BuildAutoRetrieverWithRerank returns a 4-way HybridRetriever wrapped in an ActivationReranker (slice 5b”). The reranker takes the top FetchN candidates from 4-way and reorders them by blending RRF score with activation score using Alpha/Beta weights.
Replaces BuildAutoRetrieverWithActivation (slice 5b' — 5th-lane variant) for the default activation-aware path. The lane variant stays on disk, unwired, as the documented escalation that didn't pan out — see the activation-rerank design decision.

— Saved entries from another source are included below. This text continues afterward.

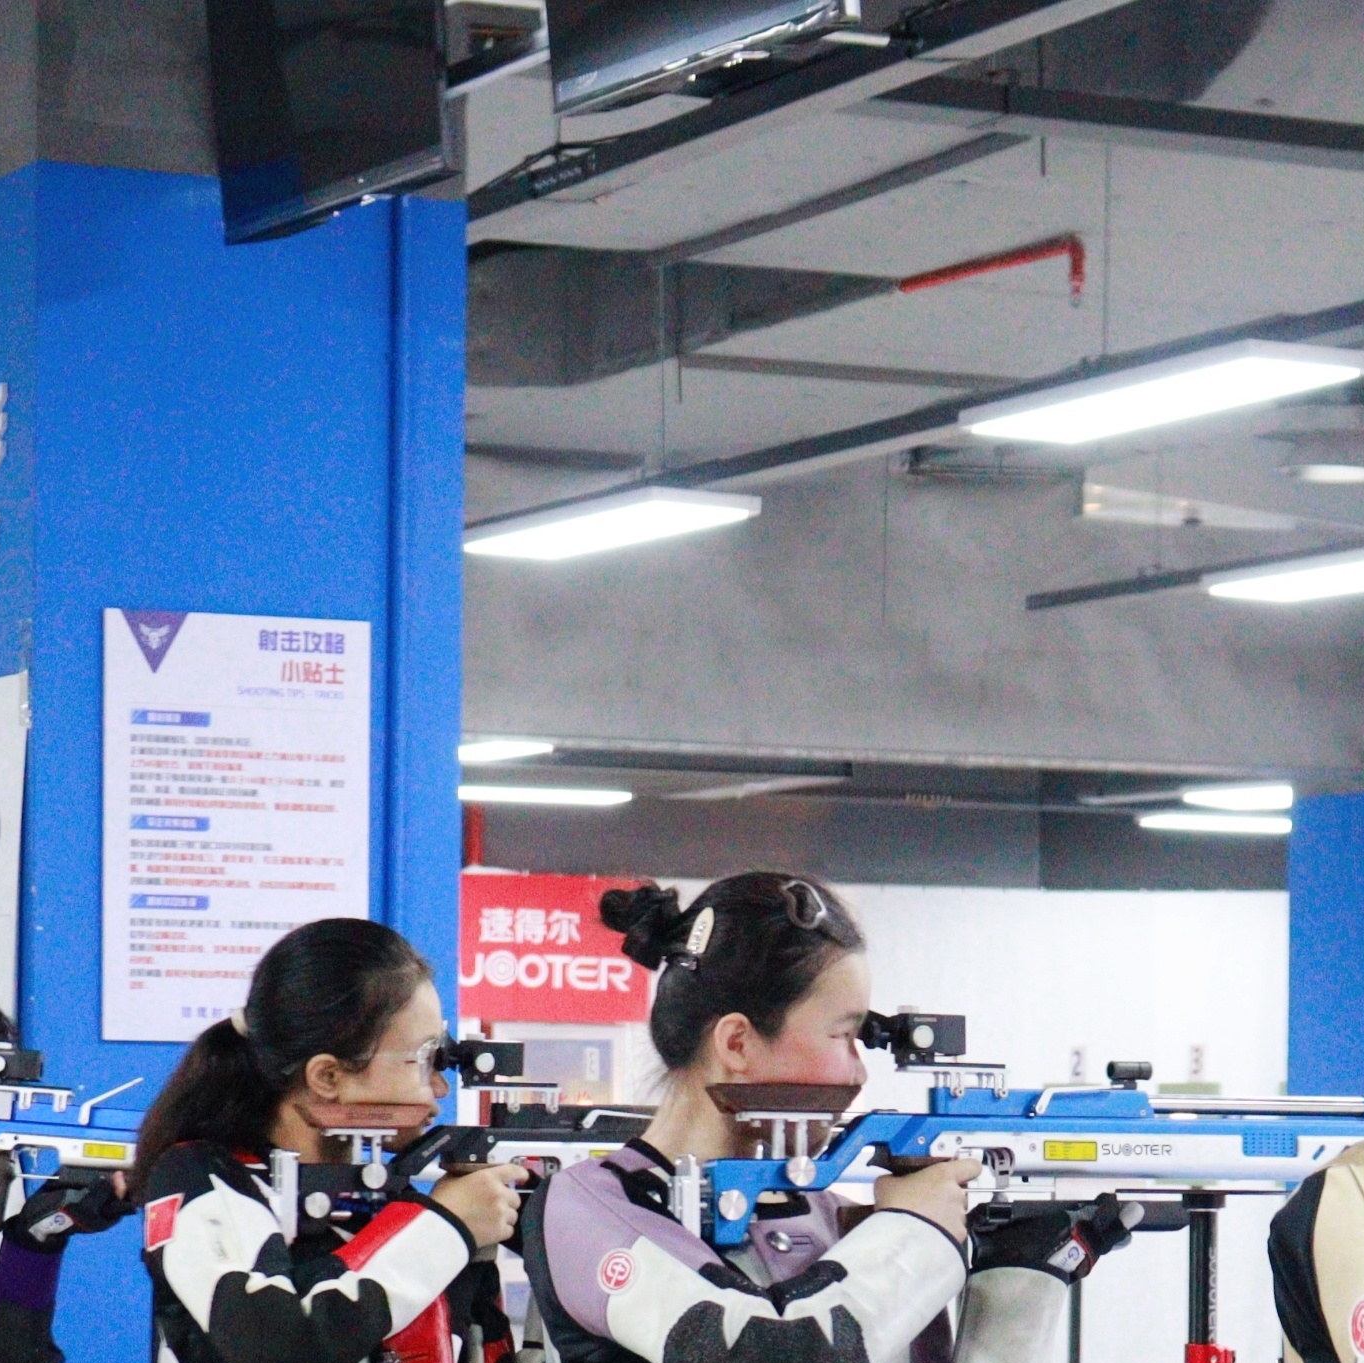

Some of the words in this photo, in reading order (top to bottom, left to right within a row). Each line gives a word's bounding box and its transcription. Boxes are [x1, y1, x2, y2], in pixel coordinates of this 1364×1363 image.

[259, 629, 346, 655] 射击攻略
[281, 660, 345, 685] 小贴士
[479, 907, 582, 946] 速得尔
[1072, 1050, 1083, 1077] 2
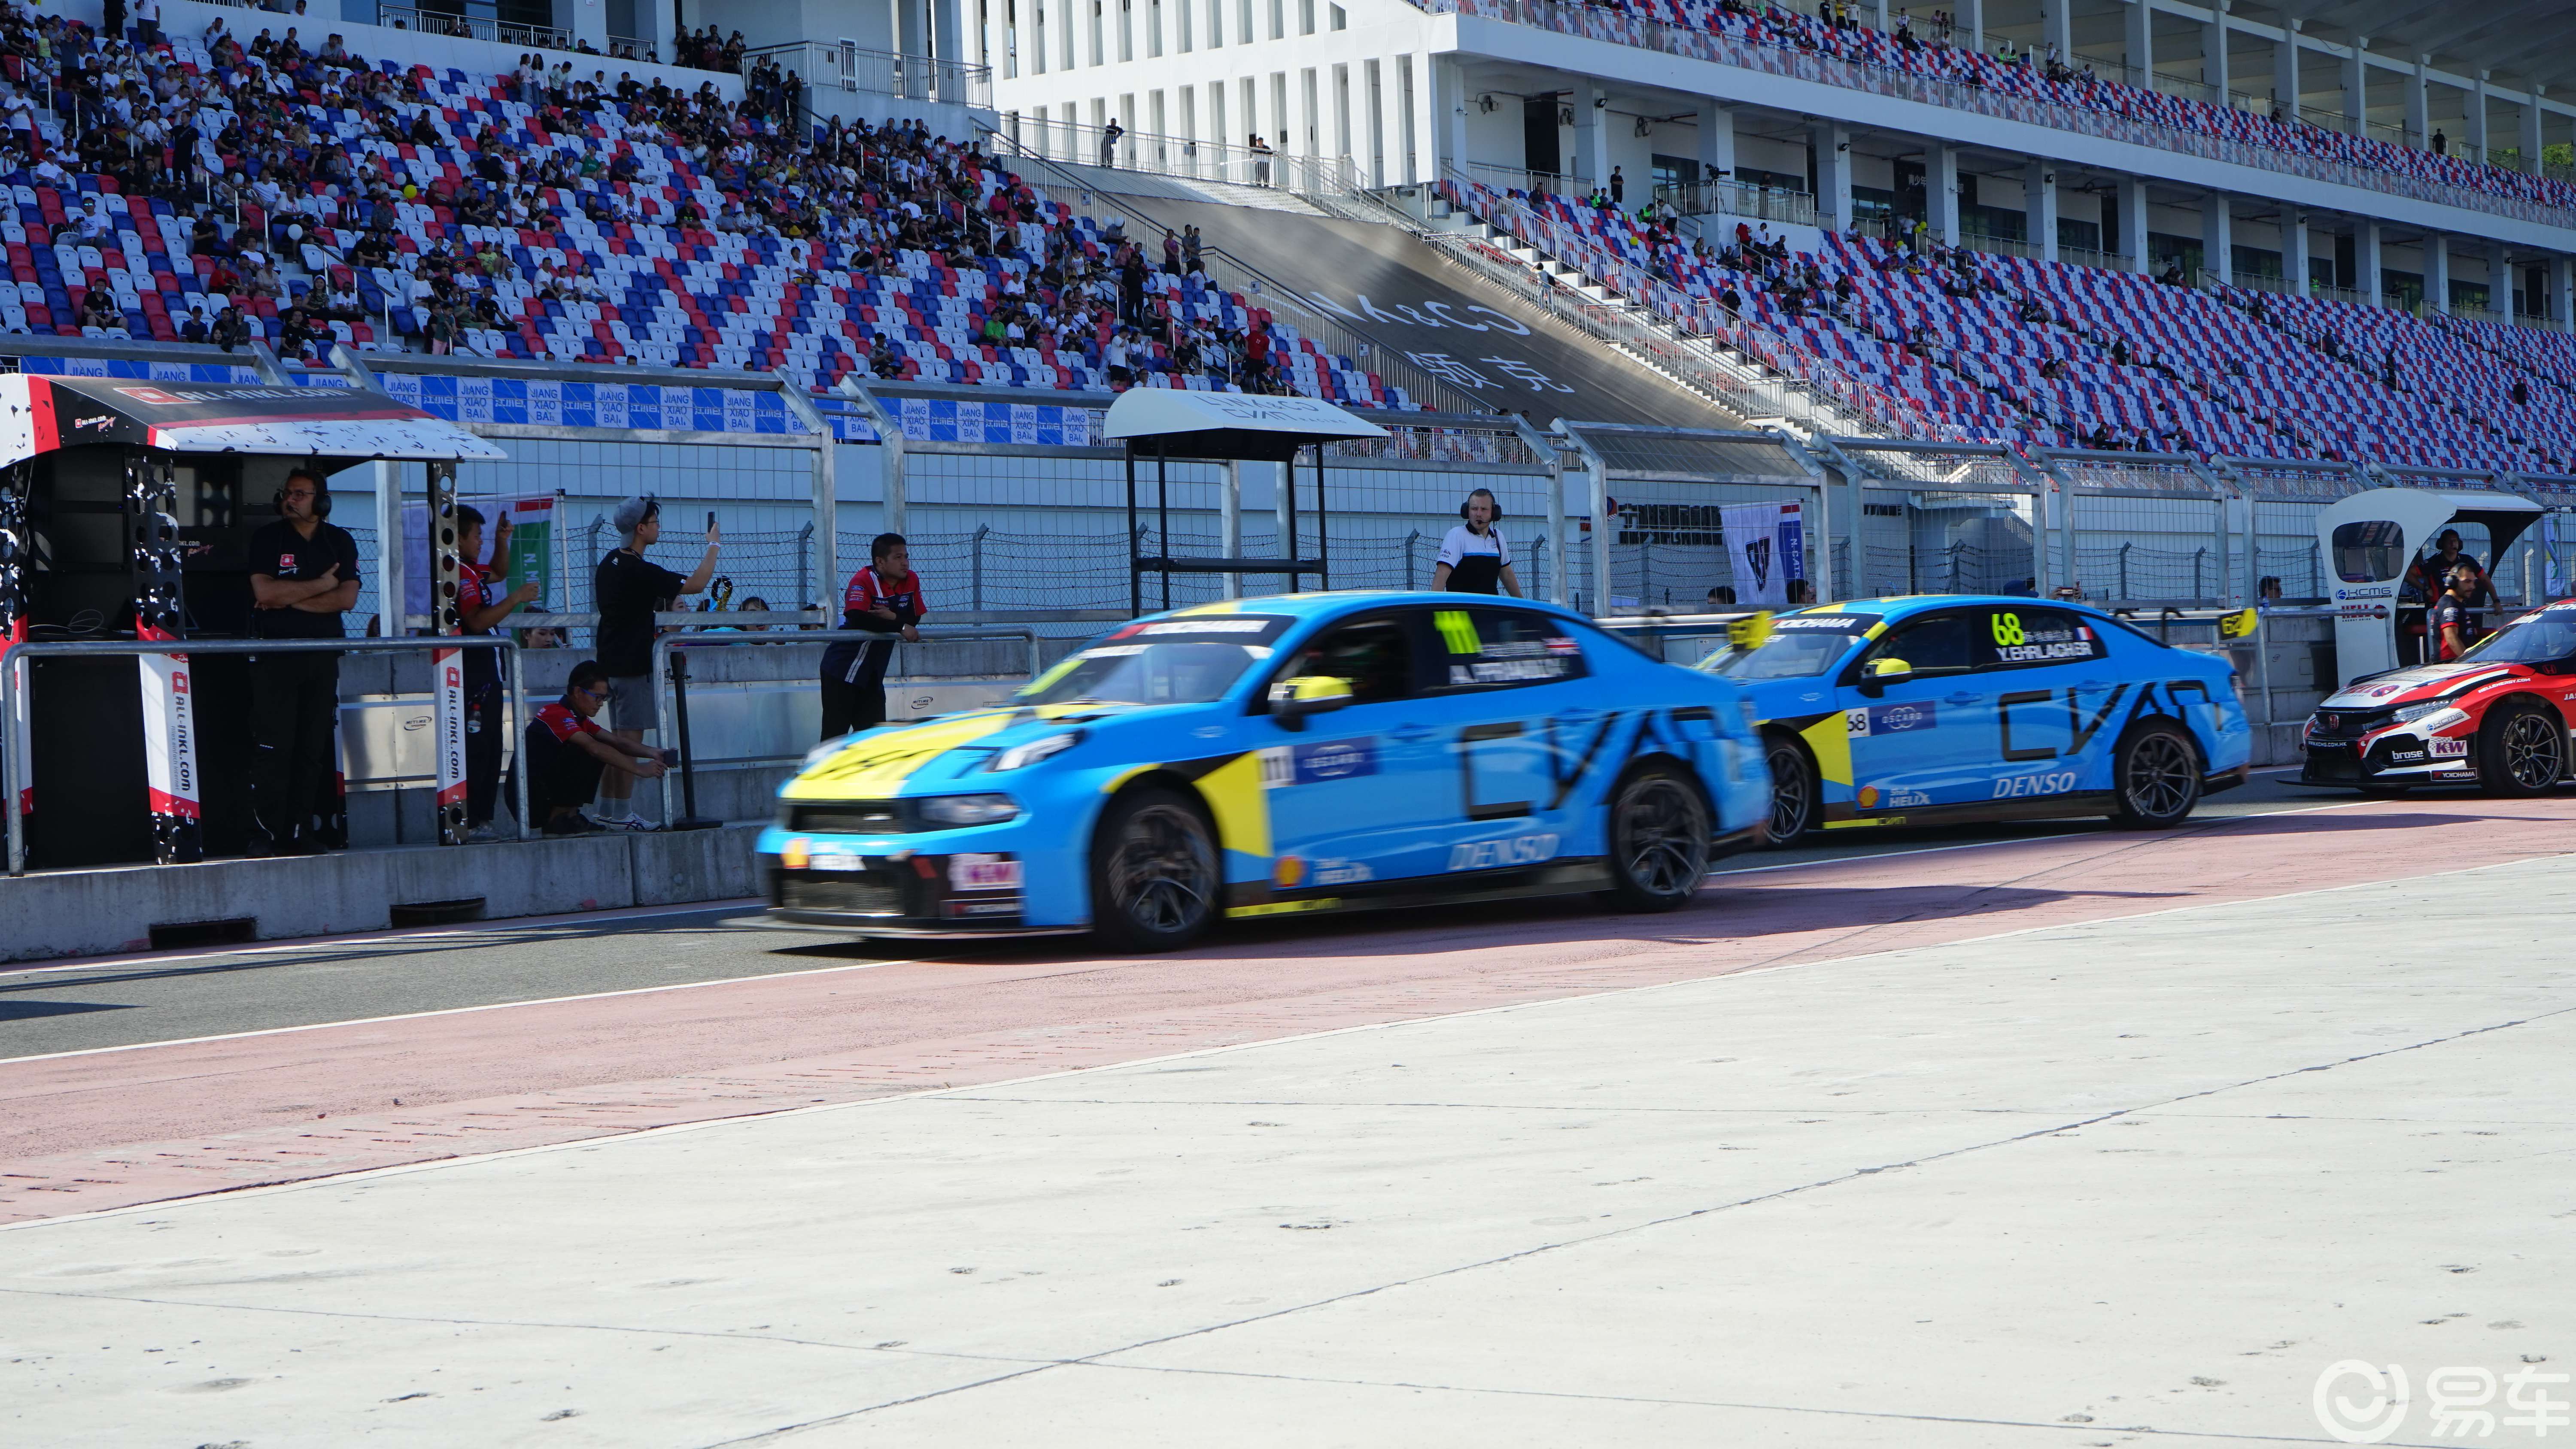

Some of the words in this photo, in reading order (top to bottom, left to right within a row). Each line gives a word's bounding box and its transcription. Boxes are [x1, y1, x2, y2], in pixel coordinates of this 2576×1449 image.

[70, 367, 103, 377] JIANG
[154, 371, 186, 381] JIANG
[313, 378, 342, 386] JIANG
[389, 382, 416, 393] JIANG
[461, 385, 488, 395] JIANG
[531, 388, 558, 399] JIANG
[599, 391, 624, 401] JIANG
[465, 397, 487, 407] XIAO
[664, 394, 689, 404] JIANG
[727, 397, 751, 407] JIANG
[534, 400, 556, 410] XIAO
[601, 403, 622, 412] XIAO
[667, 406, 687, 415] XIAO
[730, 408, 749, 417] XIAO
[905, 406, 926, 415] JIANG
[960, 409, 981, 417] JIANG
[1015, 411, 1033, 420] JIANG
[907, 416, 924, 424] XIAO
[962, 419, 979, 427] XIAO
[1065, 414, 1085, 423] JIANG
[1016, 421, 1032, 430] XIAO
[1067, 424, 1084, 433] XIAO
[1792, 550, 1800, 579] CATS
[2348, 587, 2391, 596] KCMG
[1992, 613, 2025, 646] 68
[2478, 678, 2531, 694] HELLENERGY.COM
[1847, 713, 1865, 732] 68
[2434, 712, 2463, 727] KCMG
[449, 690, 459, 779] ALL-INKL.COM
[175, 696, 191, 791] ALL-INKL.COM
[2436, 741, 2465, 754] KW
[2392, 750, 2424, 760] brose
[1993, 772, 2077, 798] DENSO
[1889, 791, 1931, 807] HELIX

IMPORTANT calibration obligation (carried over from 5b'): enabling this reranker shifts the rank-1/rank-2 score gap distribution that step-4's TopHitConfidence thresholds (5% / 2%) were calibrated against. The blended score's gap distribution differs from the raw RRF gap; callers turning this on for the default ask path must re-probe and update the threshold constants in internal/query/format.go, or the strong/moderate/ weak labels silently miscalibrate.
Zero-value alpha/beta fall back to defaults pinned 2026-05-03 from the α/β probe across {0.5/0.5, 0.7/0.3, 0.9/0.1, 0.95/0.05} — see the activation-rerank design decision for the data and rationale. Current defaults: α=0.9 / β=0.1.

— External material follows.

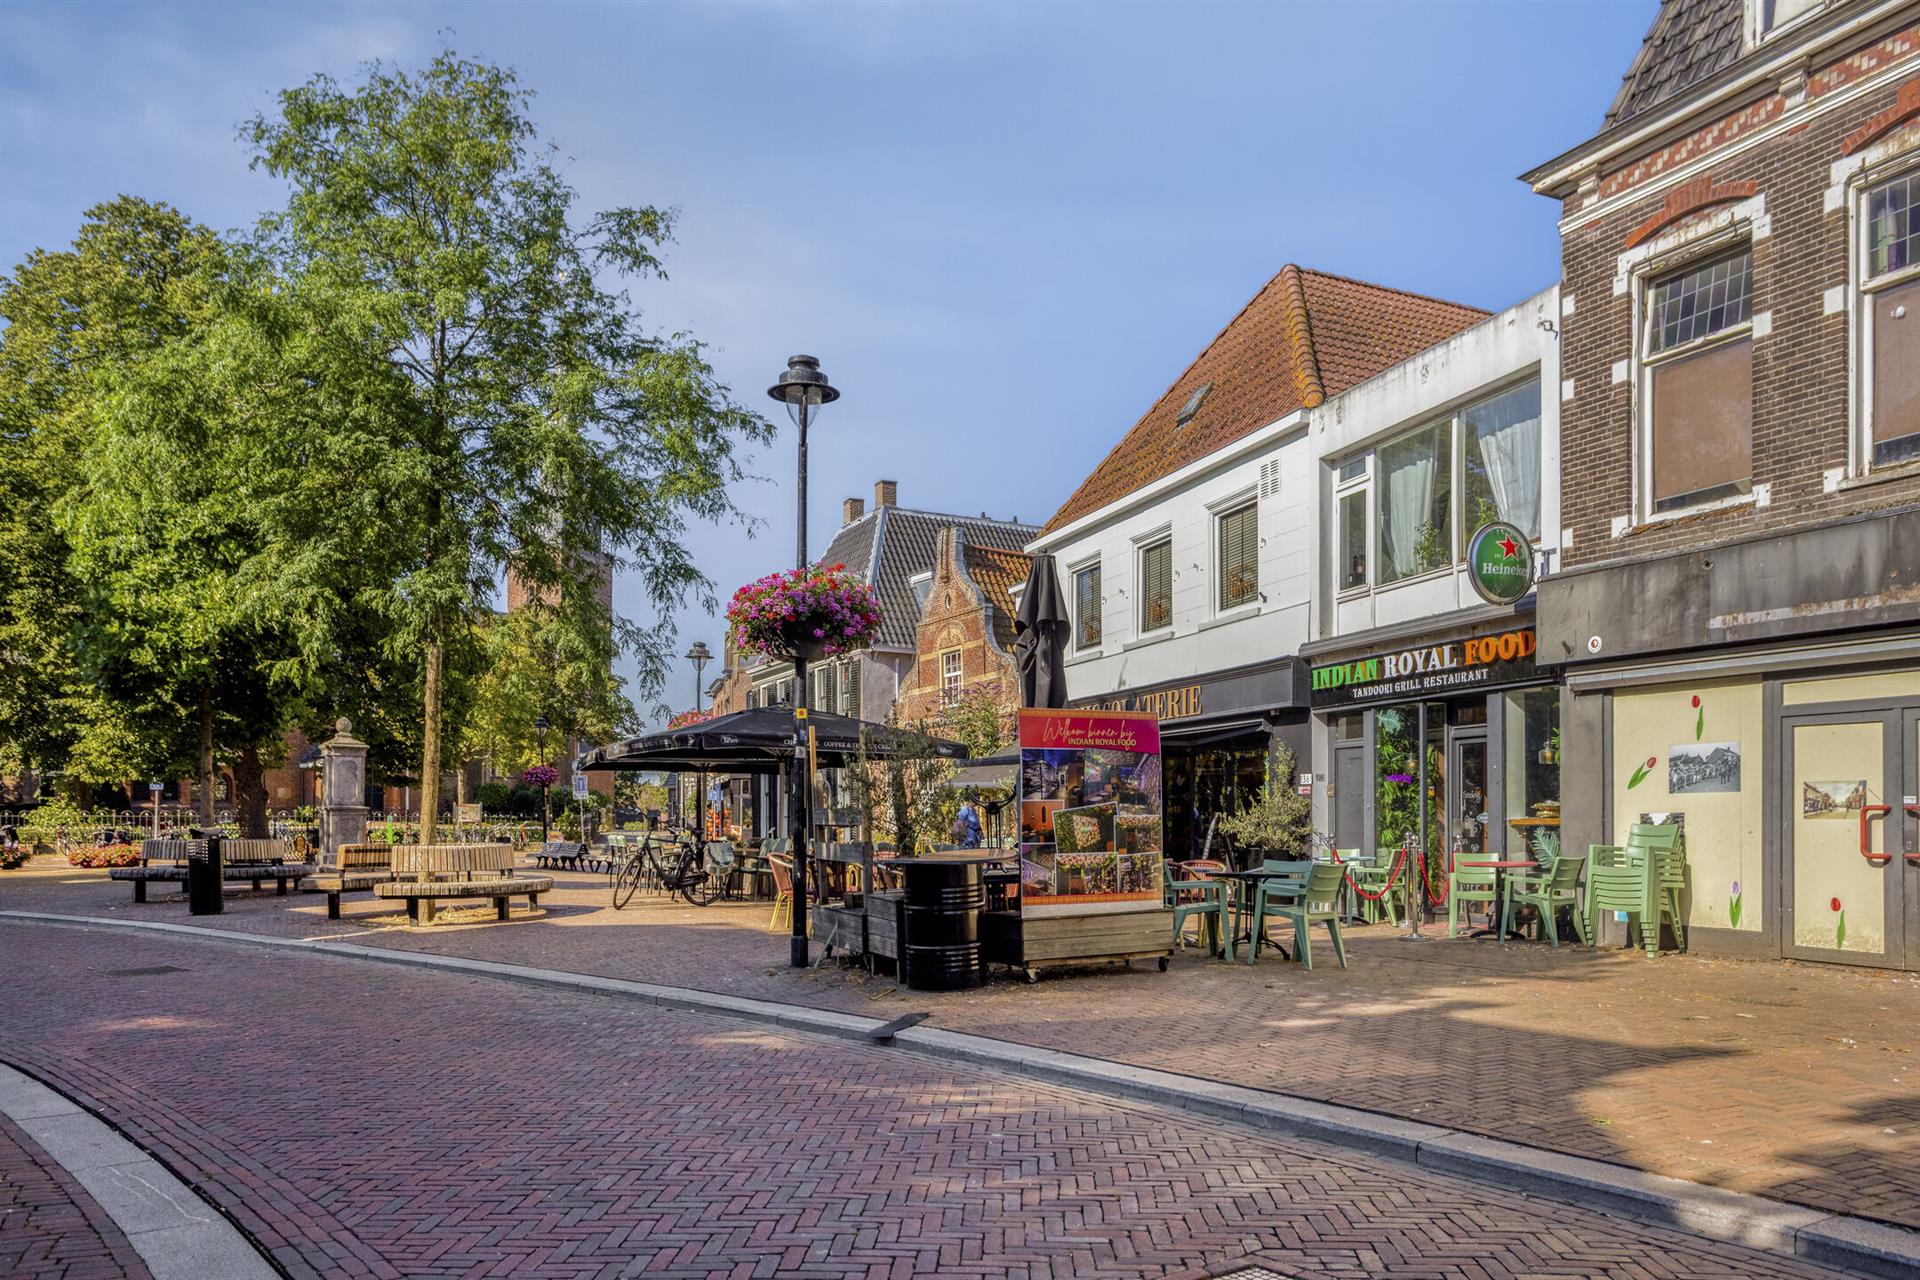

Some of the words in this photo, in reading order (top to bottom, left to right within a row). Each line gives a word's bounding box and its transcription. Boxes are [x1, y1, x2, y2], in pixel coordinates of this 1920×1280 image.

type BothResult ¶ added in v0.1.11
type BothResult struct {
Out struct {
SourceID string `json:"source_id"`
Links []graph.OutLink `json:"links"`
} `json:"out"`
In struct {
TargetID string `json:"target_id"`
Links []graph.InLink `json:"links"`
} `json:"in"`
}
BothResult is the combined payload for a `--both` query: it carries the outbound and inbound directions in ONE structure so the cmd layer can wrap it in a single envelope (out before in) instead of emitting two concatenated envelopes (invalid JSON). Inbound links use the same "links" key as the standalone --in payload; the object nesting (result.in vs result.out) already disambiguates direction.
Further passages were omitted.